Manifestation of the disease
Individuals with Down syndrome have a flat face, skin folds above the eyes give a typical "mongoloid" appearance, heart defects are common. All people affected by chromosome 21 trisomy (Down syndrome) have reduced intelligence.
The first diagnostic test based on amniocyte culture (floating detached epithelial cells in amniotic fluid) was discovered in the 1960s. This examination was initially performed in older pregnant women (over 40 years of age and later over 35 years of age). At the end of the 1980s, it was discovered that the blood of pregnant women with trisomy 21 foetuses (Down's disease) contained different levels of certain substances – markers (alpha-fetoprotein AFP, unconjugated estriol chorionic gonadotropin hCG) in comparison with the blood of mothers with healthy foetuses. This triple test (based on the number of markers – 3) was effectively introduced into the clinical practice together with amniocentesis and amniocyte culture in the late 1980s and especially in the 1990s. Until recently, it was the primary method of chromosomal aberrations and congenital defect testing in the foetus. The disadvantage of this approach was the high financial burden on public health systems and especially the risk of miscarriage after amniocenthesia (1:100) being higher than the risk of aneuploidy in pregnant women.
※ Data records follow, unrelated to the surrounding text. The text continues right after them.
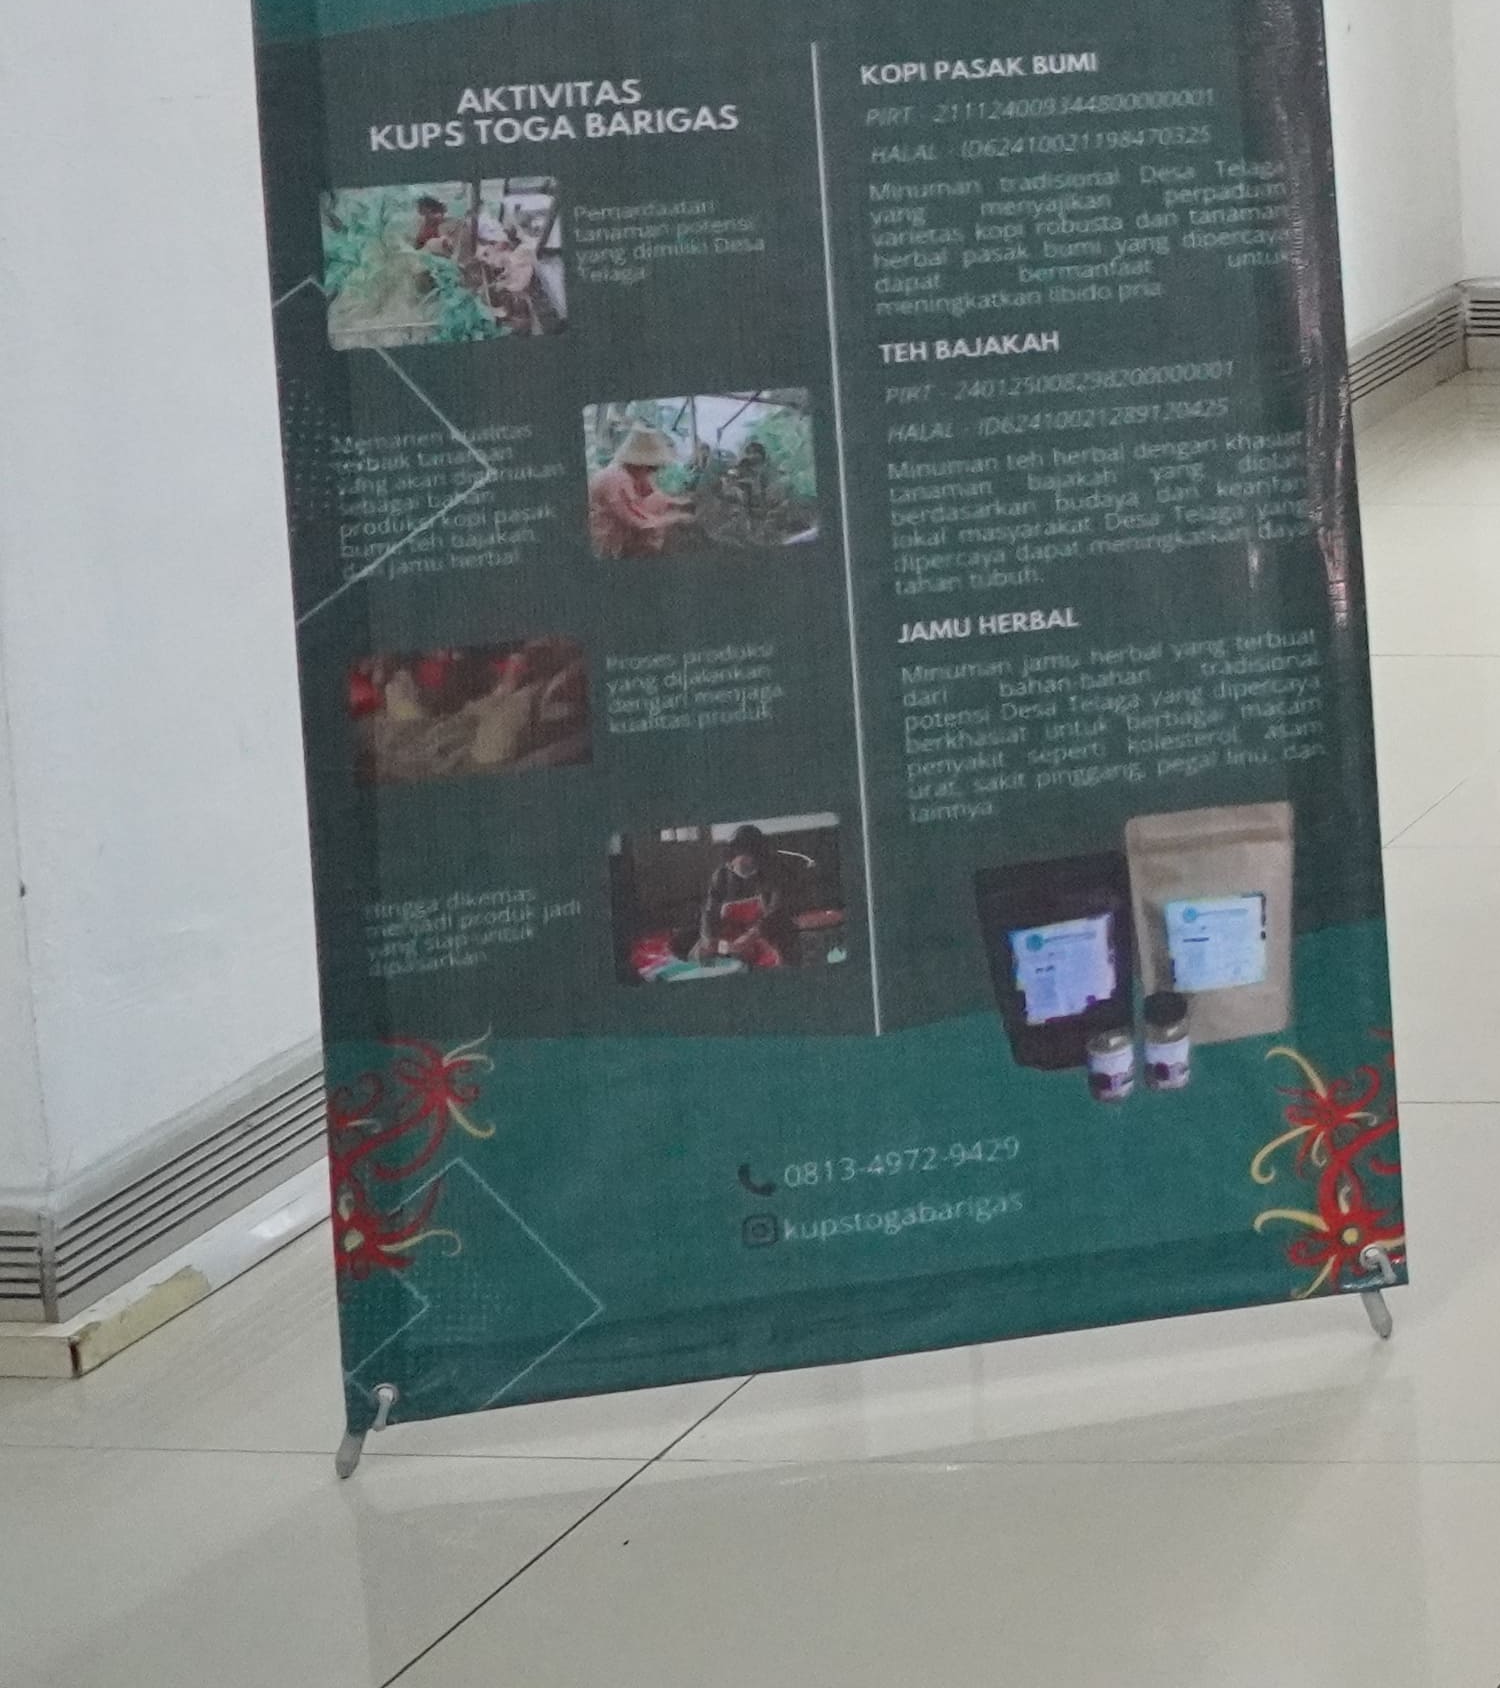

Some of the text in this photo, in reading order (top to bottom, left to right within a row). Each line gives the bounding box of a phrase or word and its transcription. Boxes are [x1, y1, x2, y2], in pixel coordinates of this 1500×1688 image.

[861, 52, 1098, 85] KOPI PASAK BUMI
[457, 78, 642, 114] AKTIVITAS
[370, 105, 739, 152] KUPS TOGA BARIGAS
[871, 144, 938, 164] HALAL
[879, 330, 1059, 364] TEH BAJAKAH
[898, 607, 1080, 643] JAMU HERBAL
[783, 1135, 1020, 1188] 0813-4972-9429
[782, 1192, 1024, 1242] kupstogabarigas
We must say that this massive and excessive screening was forced by society, which logically lacks tolerance towards genetic defects and congenital malformations in foetuses. This approach (screening in the 2nd trimester) captured 50 to 70% of affected foetuses.
Due to fundamental changes in the social behaviour of the population in developed countries at the end of the 20th and in the 21st century, when increasingly more women delay having their family until the age of 35, there is a need to change this approach and move towards non-invasive, safer screening methods already available in the first trimester of pregnancy.